Il n’en reste pas moins que ce bref ouvrage (il se lit en deux, trois heures pour un lecteur aguerri, probablement pas plus de trois soirées pour un lecteur occasionnel) est intéressant car il démontre l’existence d’un phénomène qui sans être courant n’est pas rare ni exceptionnel. Or, et c’est bien là que se situe le problème, les personnes qui le vivent (ou pensent le vivre) semblent toutes ou presque le vivre assez mal (les mots tels que dépression, colère, tristesse, deuil, thérapie, reviennent systématiquement), ce qui dénote un phénomène psychique réel qui mérite d’être étudié plus en profondeur.
C’est donc ainsi qu’il faut prendre cet ouvrage: un moyen d’intéresser la communauté des chercheurs et le grand public à un phénomène très peu étudié et connu en France. C’est à ce titre que je donne une note de 4/5 à cet ouvrage.
Tsukihime –
Intéressée depuis très jeune par le mystère de la gémellité, j’ai sauté sur l’occasion d’en découvrir plus et autrement grâce à une masse critique de Babelio. le livre a fini par arriver chez moi, tout fin, tout simple, très discret ; un véritable reflet du travail accompli par Caroline Raievski.

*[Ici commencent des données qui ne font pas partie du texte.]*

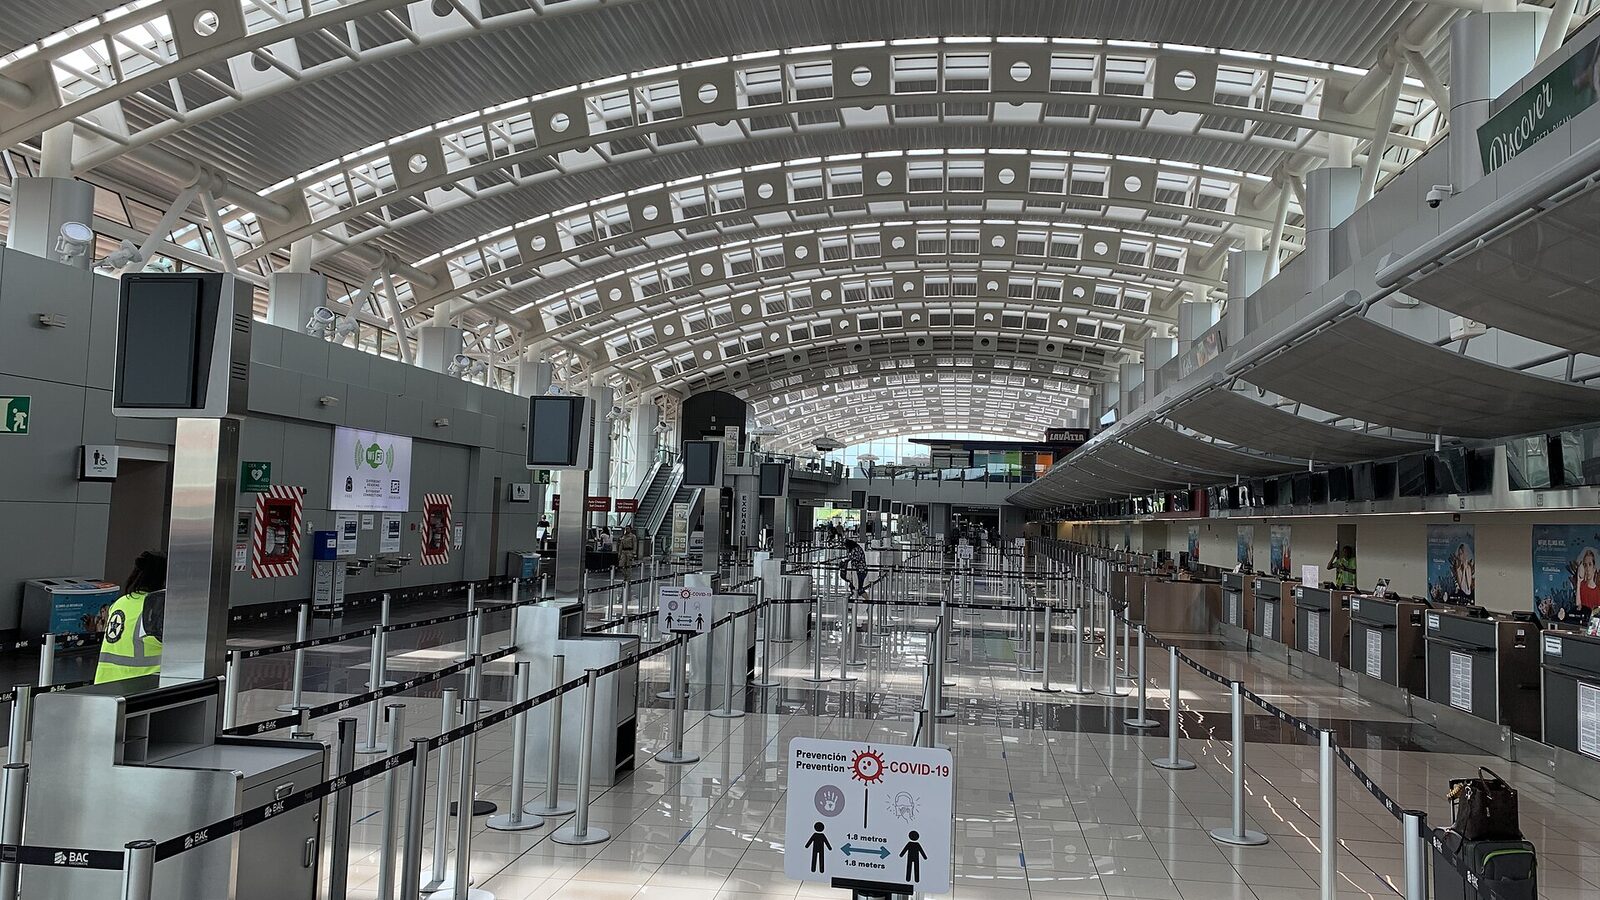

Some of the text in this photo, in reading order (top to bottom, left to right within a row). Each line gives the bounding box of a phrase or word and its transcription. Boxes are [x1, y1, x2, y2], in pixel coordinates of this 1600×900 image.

[1490, 82, 1552, 172] Discover
[1050, 431, 1084, 441] LAVAZZA
[796, 750, 847, 761] Prevención
[796, 761, 845, 772] Prevention
[890, 762, 949, 777] COVID-19
[273, 800, 284, 812] BAC
[195, 829, 208, 842] BAC
[69, 852, 89, 862] BAC

Chacun s’intéressera à ce livre pour différentes raisons, tout comme chacun est libre de croire ou non à ces histoires somme toutes « sans preuve » autre que le ressenti du témoin. On a droit en introduction à une petite touche médicale, avec des statistiques qui font bien avant de se lancer dans l’histoire même des autres.

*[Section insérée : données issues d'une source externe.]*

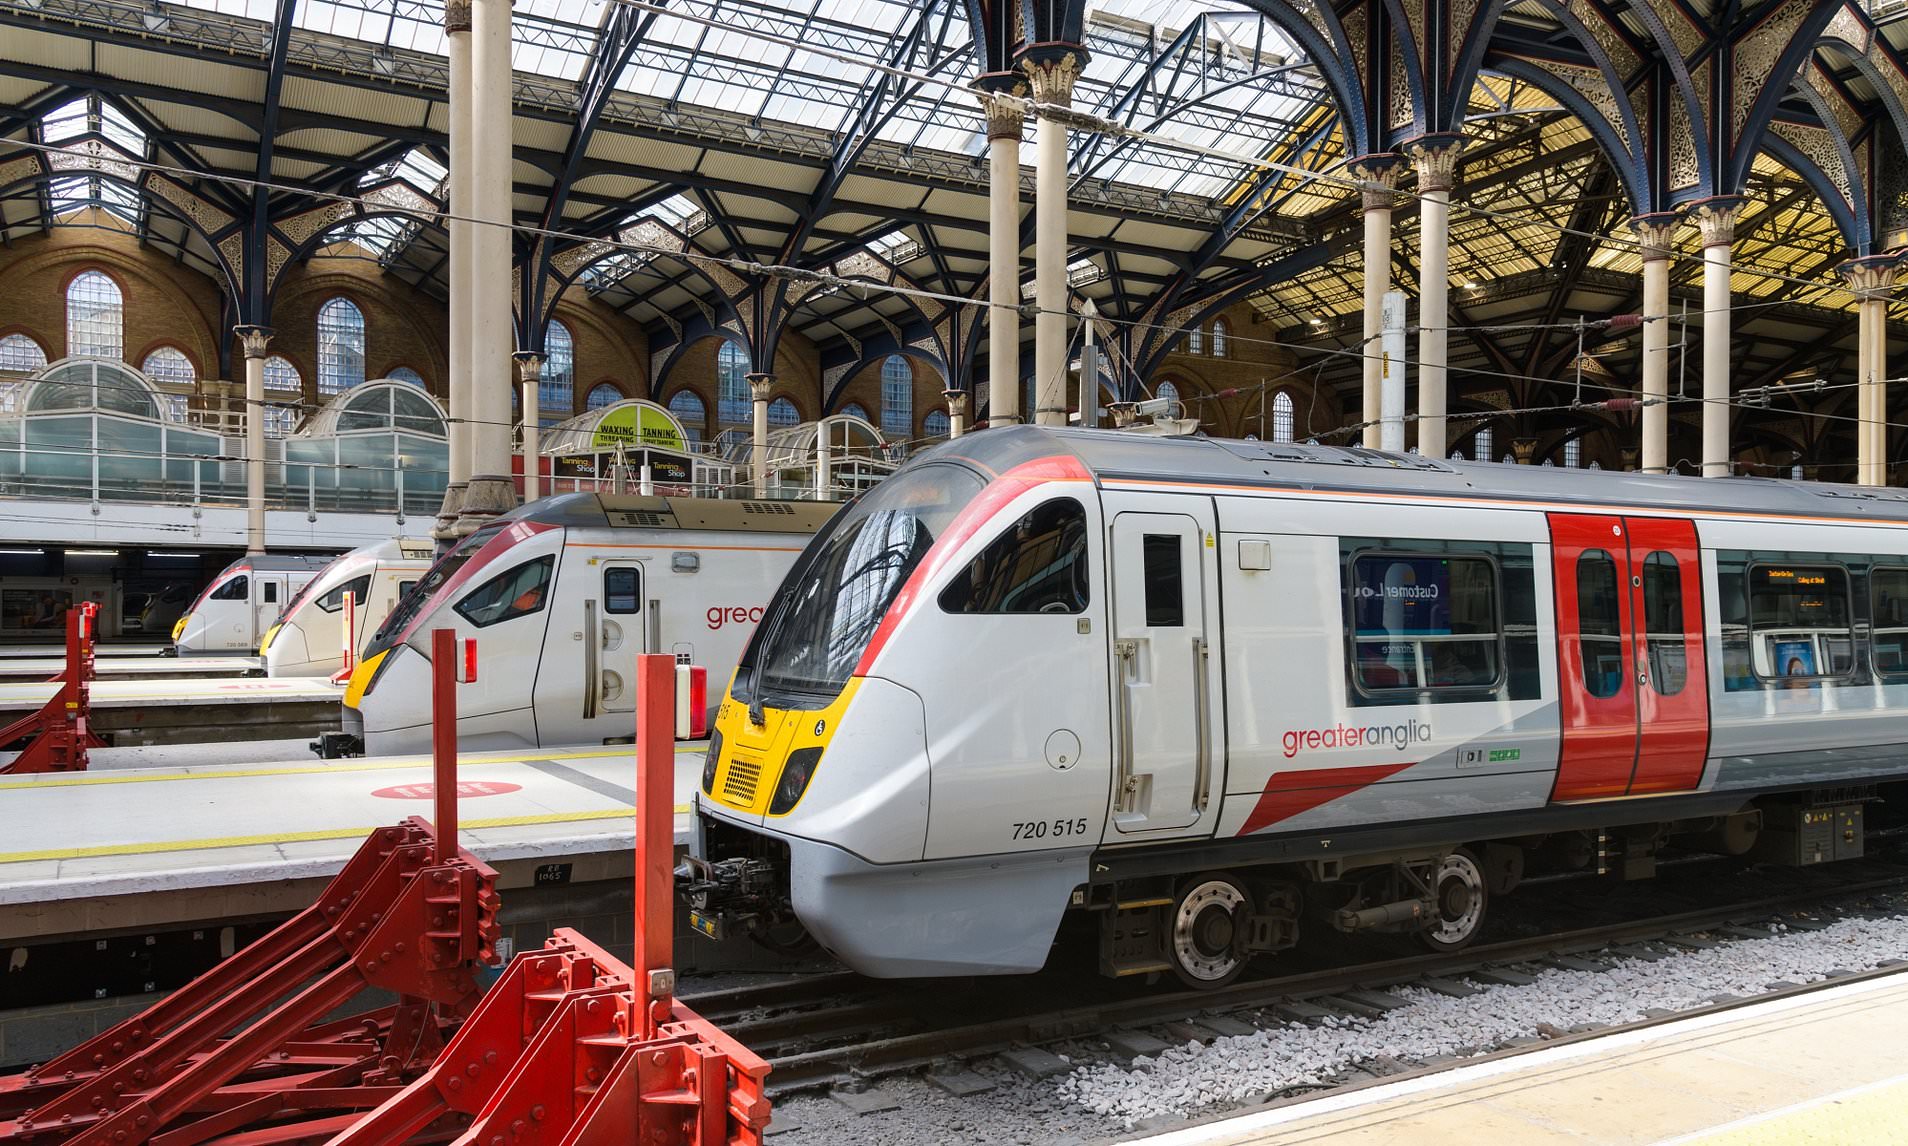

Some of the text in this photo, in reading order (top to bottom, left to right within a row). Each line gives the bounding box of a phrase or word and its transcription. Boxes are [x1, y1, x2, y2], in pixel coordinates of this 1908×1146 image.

Ce qui est certain, c’est que si les termes kinésiologie, sophrologie, ressenti, vous sont inconnus, il y a de fortes chances que ce livre vous rebute. Ces témoignages font partie d’un certain état d’esprit qu’on qualifierait d’alternatif. de fait, si vous n’acceptez pas tout ça, je ne pense pas que vous accepterez ce livre.
Plus qu’une étude, c’est un véritable recueil de 9 histoires différentes avec un seul point commun, la perte d’un jumeau et la douleur consciente ou inconsciente qu’elle a entraîné. Les témoins se sont prêté au jeu en toute confiance et avec beaucoup d’ouverture aux autres, permettant un certain transfert pour ceux qui chercheraient à avoir preuve de cette même perte chez eux. Chaque histoire apporte son lot, entre celui qui la toujours su, celle qui ne voulait pas y croire jusqu’à ce que, ou même celui qui en a eu la preuve physique. Un petit panel qui m’a touché pour ma part.
En fait, c’est un livre qui ne se lit pas vraiment, mais qui s’étudie avec une certaine distance, auquel on retournera surement pour chercher des réponses pour peu qu’on se pose la question.
KoGlo –
Intéressé par la question de la gémellité en étant concerné, cet ouvrage a mis en lumière un aspect qui m’était inconnu.
Si je devais qualifier ce livre en un seul mot, il serait « fascinant ». Fascinant par la minutie dont a fait preuve l’auteure pour mener à terme cette recherche, fascinant par la force qui se dégage des différents témoignages, mais aussi fascinant par ce qu’un travail sur soi-même (via des thérapies diverses) peut révéler de sa personne.
J’ai trouvé un peu longue, mais utile, l’introduction qui consiste à poser le cadre de la recherche en déterminant la procédure, mais aussi un peu de théorie.
Une fois les témoignages entamés, l’ouvrage prend une toute autre tournure captivante.
A lire donc pour des personnes intéressées par le sujet, mais également curieuses de découvrir un aspect bien précis.